Sunday, December 09, 2018

fox runs across the ice





[Image source: http://fotografemme.blogspot.com/2011/12/lucka-nr2-raven-raskar-over-isen.html. Photo by Emme MacDonald.]

This is a popular song in Sweden, known to all children. In its extended version it accompanies a round dance with actions (such as curtseying or bowing) -- e.g. round the midsummer pole or the Christmas tree.

Räven raskar över isen,
räven raskar över isen.
Får vi lov, ja får vi lov,
att sjunga flickornas visa?
  Så här gör flickorna var de går
  och var de sitter och var de står.
Så får vi lov, ja får vi lov,
att sjunga flickornas visa?

The fox runs across the ice,
the fox runs across the ice.
Shall we, yes shall we,
sing the girls' song?
  Thus the girls do as they walk
  and as they sit and as they stand.
So shall we, yes shall we,
sing the girls' song?

("Få vi lov att...?" is homologous to "Have we leave to...?" --  but with only the faintest residual tint of old-fashioned formality, so I've gone for "Shall we ..?")

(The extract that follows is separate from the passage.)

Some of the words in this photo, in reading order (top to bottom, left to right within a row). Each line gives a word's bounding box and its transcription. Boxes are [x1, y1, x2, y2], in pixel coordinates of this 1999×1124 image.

The italicized lines, which accompany the actions, are usually sung in a slower tempo than the rest.

Subsequent verses are basically the same, but run through "gossarna" (the boys), "gummorna" (the old women), "gubborna" (the old men), then various optional professions: e.g. "skräddaren" (the tailor), "skomakarn" (the cobbler), "målaren" (the painter), "bagarn" (the baker) and "sotaren" (the chimney sweep). And such full-length renderings usually end up with verses about Grin-Olle and Skratt-Olle, who are apparently a pair of "snusande gubbarna" (funny snuff-stained old buffers). "De" (they) becomes "han" (he) in these later verses.

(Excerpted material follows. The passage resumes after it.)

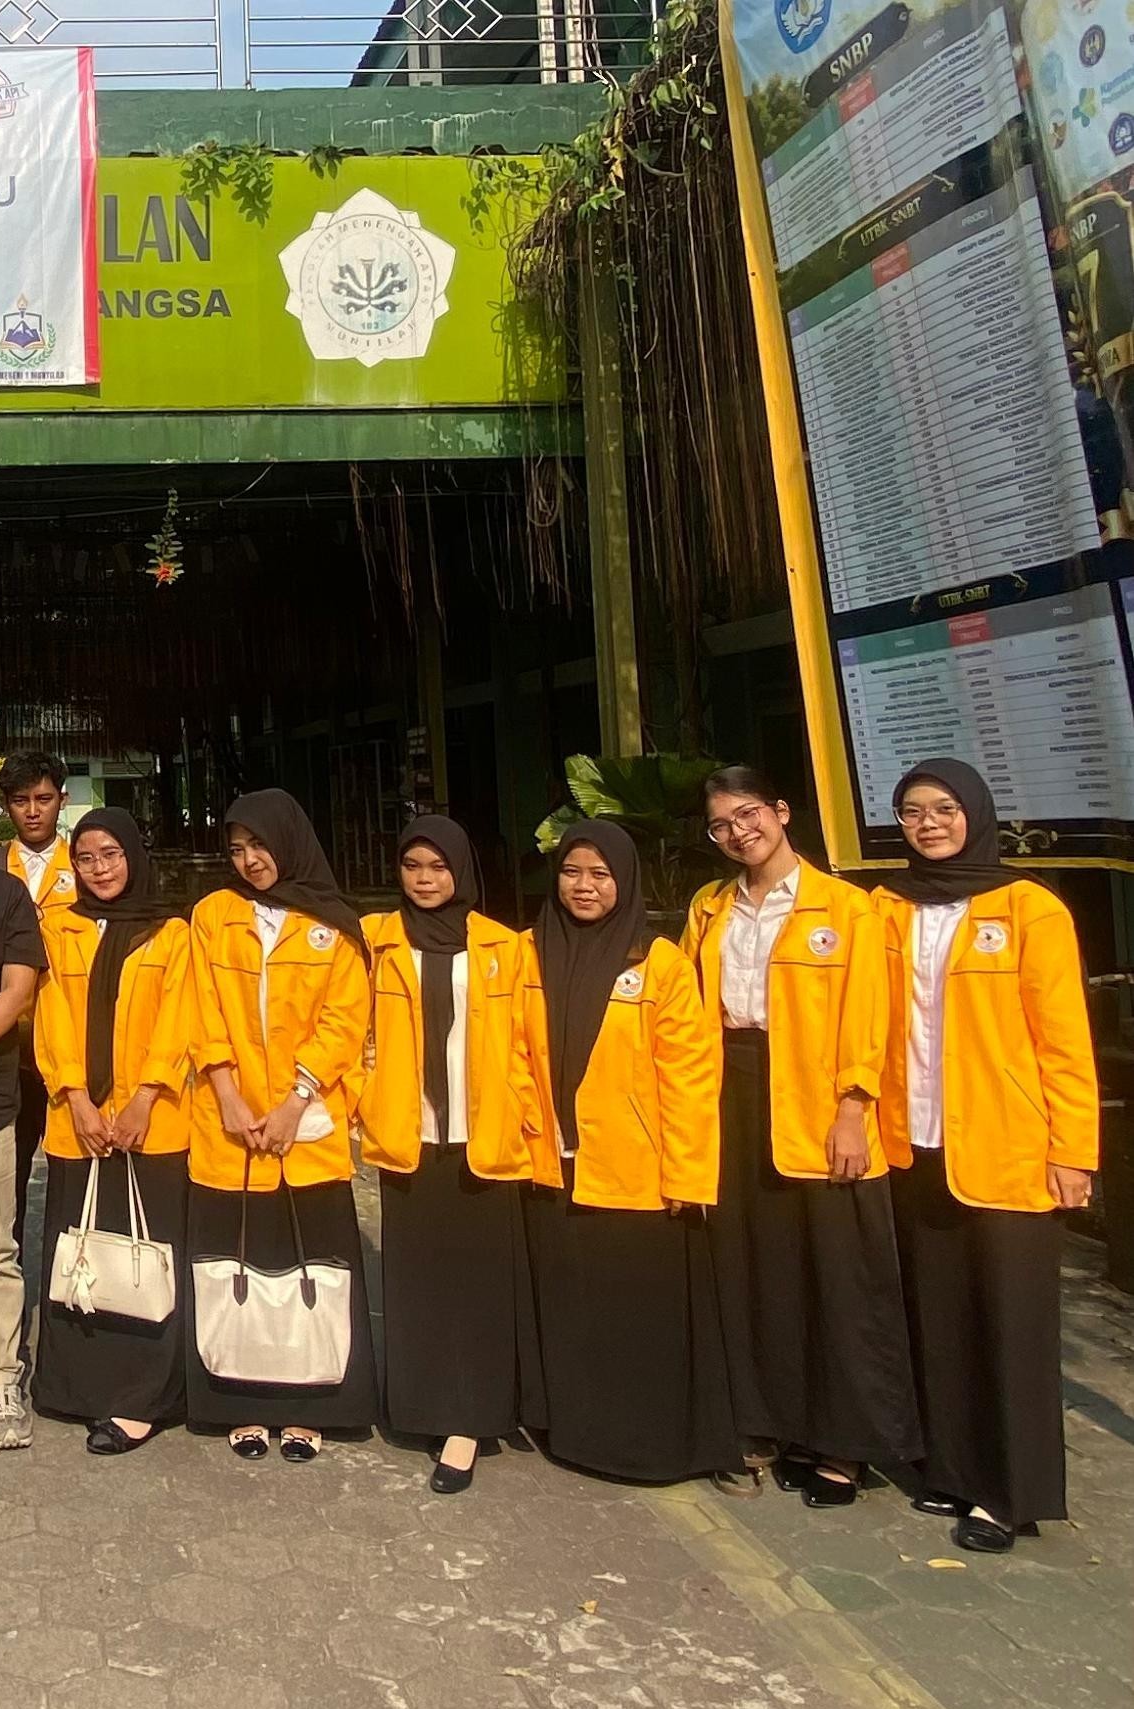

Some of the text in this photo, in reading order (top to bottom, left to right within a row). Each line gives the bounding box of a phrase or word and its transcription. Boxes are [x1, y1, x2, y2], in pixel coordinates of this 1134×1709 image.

But like most popular songs, it's often abbreviated to a single verse or even a single line.

The single line (i.e. fox runs across the ice) is totemic, a title that has nothing in particular to do with the rest of the song.  As typical of nature in folk songs, it means both nothing and everything; it just means the song itself, the dance itself.

Because of this first line I always think of it as a Christmas song, but that's applying far too much logic. Besides, at midsummer in the north of Sweden ice isn't altogether a distant memory.

It's a pure sound game, too. Four different R-sounds followed by four different vowel-sounds.

räven
raska -
r öve -
r isen

And "isen" also rhymes with "visa", but not very well. (If it was a full rhyme, I think that might get annoying after a while.)

The sound-pattern is preserved in the occasionally-reported variant "Räven raskar över riset" (Fox runs across the heather).

It's an old song. The scientist Olof Rudbeck described a version of the song in 1689, in his eccentric magnum opus Atlantica.

The melody normally heard today is a "polska", a dance tune in dotted triple time.